[[ Records to process open ]]

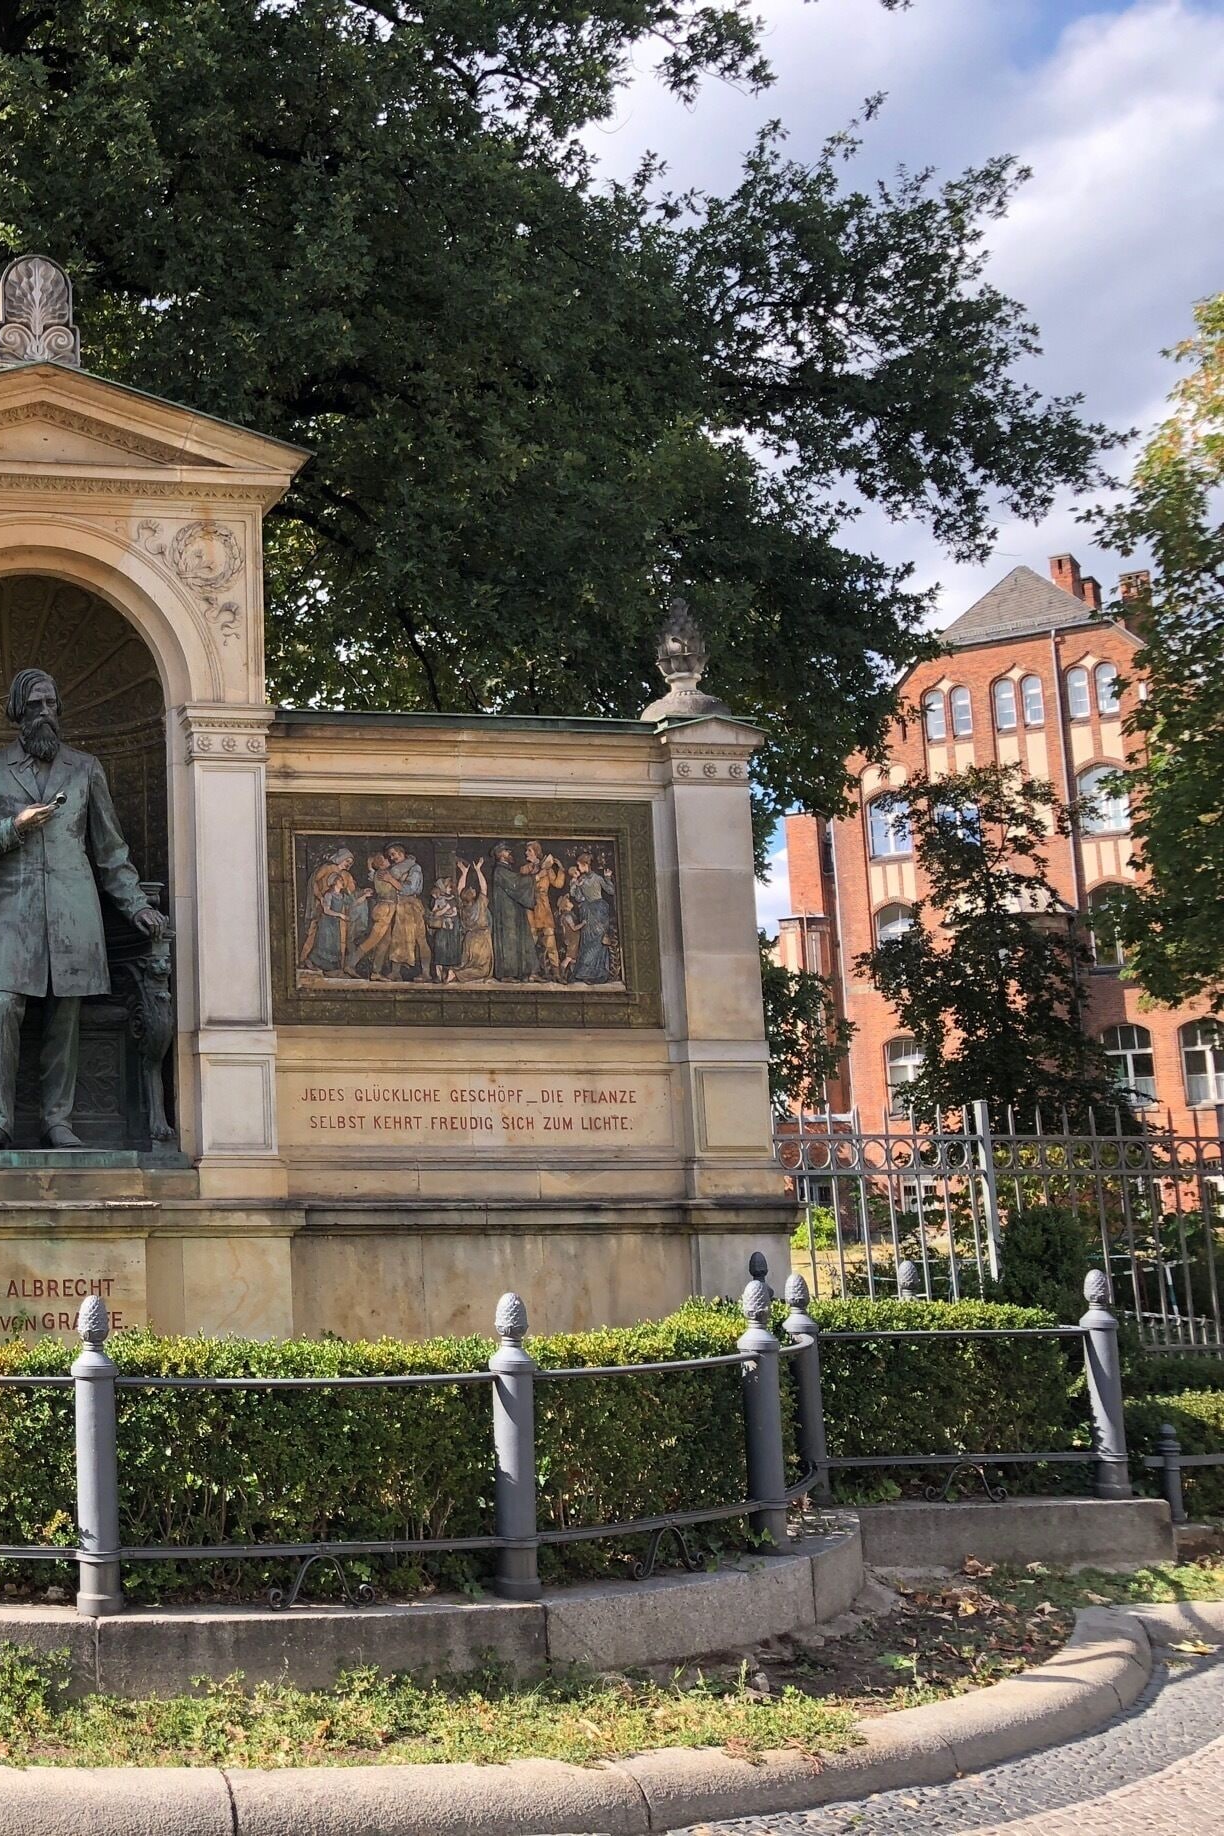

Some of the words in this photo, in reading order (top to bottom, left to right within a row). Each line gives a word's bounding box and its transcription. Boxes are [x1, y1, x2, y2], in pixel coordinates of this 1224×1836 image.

[301, 1089, 345, 1103] JEDES
[354, 1084, 441, 1103] GLÜCKLICHE
[450, 1085, 524, 1103] GESCHÖPF
[541, 1089, 564, 1103] DIE
[574, 1089, 637, 1104] PFLANZE
[310, 1115, 366, 1130] SELBST
[373, 1115, 423, 1130] KEHRT
[430, 1116, 494, 1131] FREUDIG
[502, 1116, 535, 1131] SICH
[543, 1116, 573, 1131] ZUM
[6, 1279, 115, 1298] ALBRECHT
[42, 1311, 128, 1330] GRAE.
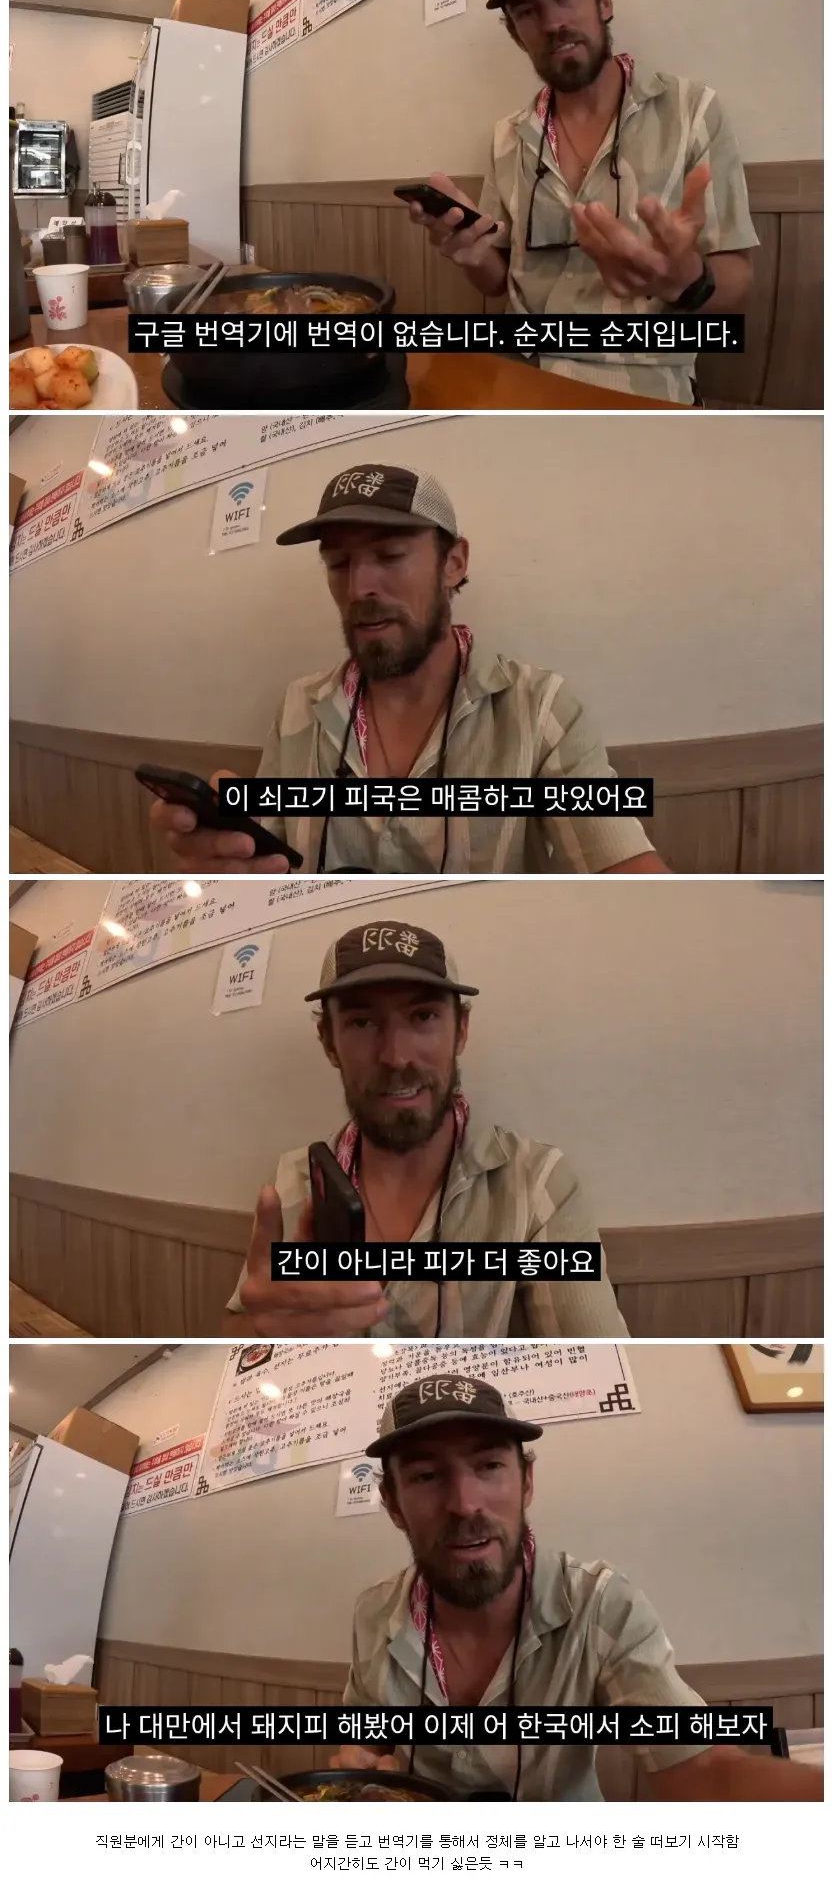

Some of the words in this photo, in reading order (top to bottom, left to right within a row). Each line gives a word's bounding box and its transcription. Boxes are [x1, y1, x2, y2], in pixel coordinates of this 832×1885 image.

[225, 507, 250, 522] WIFI
[229, 970, 255, 985] WIFI
[144, 1472, 163, 1491] 드실
[163, 1462, 193, 1485] 만큼만
[349, 1483, 371, 1495] WIFI

[[ Records to process closed ]]

◆ Your objective
Pictures stay out; reproduce every line of the records exactly.

◆ Answer section
Some of the words in this photo, in reading order (top to bottom, left to right within a row). Each line gives a word's bounding box and its transcription. Boxes are [x1, y1, x2, y2], in pixel coordinates of this 1224×1836 image.

[301, 1089, 345, 1103] JEDES
[354, 1084, 441, 1103] GLÜCKLICHE
[450, 1085, 524, 1103] GESCHÖPF
[541, 1089, 564, 1103] DIE
[574, 1089, 637, 1104] PFLANZE
[310, 1115, 366, 1130] SELBST
[373, 1115, 423, 1130] KEHRT
[430, 1116, 494, 1131] FREUDIG
[502, 1116, 535, 1131] SICH
[543, 1116, 573, 1131] ZUM
[6, 1279, 115, 1298] ALBRECHT
[42, 1311, 128, 1330] GRAE.

Some of the words in this photo, in reading order (top to bottom, left to right within a row). Each line gives a word's bounding box and its transcription. Boxes are [x1, y1, x2, y2], in pixel coordinates of this 832×1885 image.

[225, 507, 250, 522] WIFI
[229, 970, 255, 985] WIFI
[144, 1472, 163, 1491] 드실
[163, 1462, 193, 1485] 만큼만
[349, 1483, 371, 1495] WIFI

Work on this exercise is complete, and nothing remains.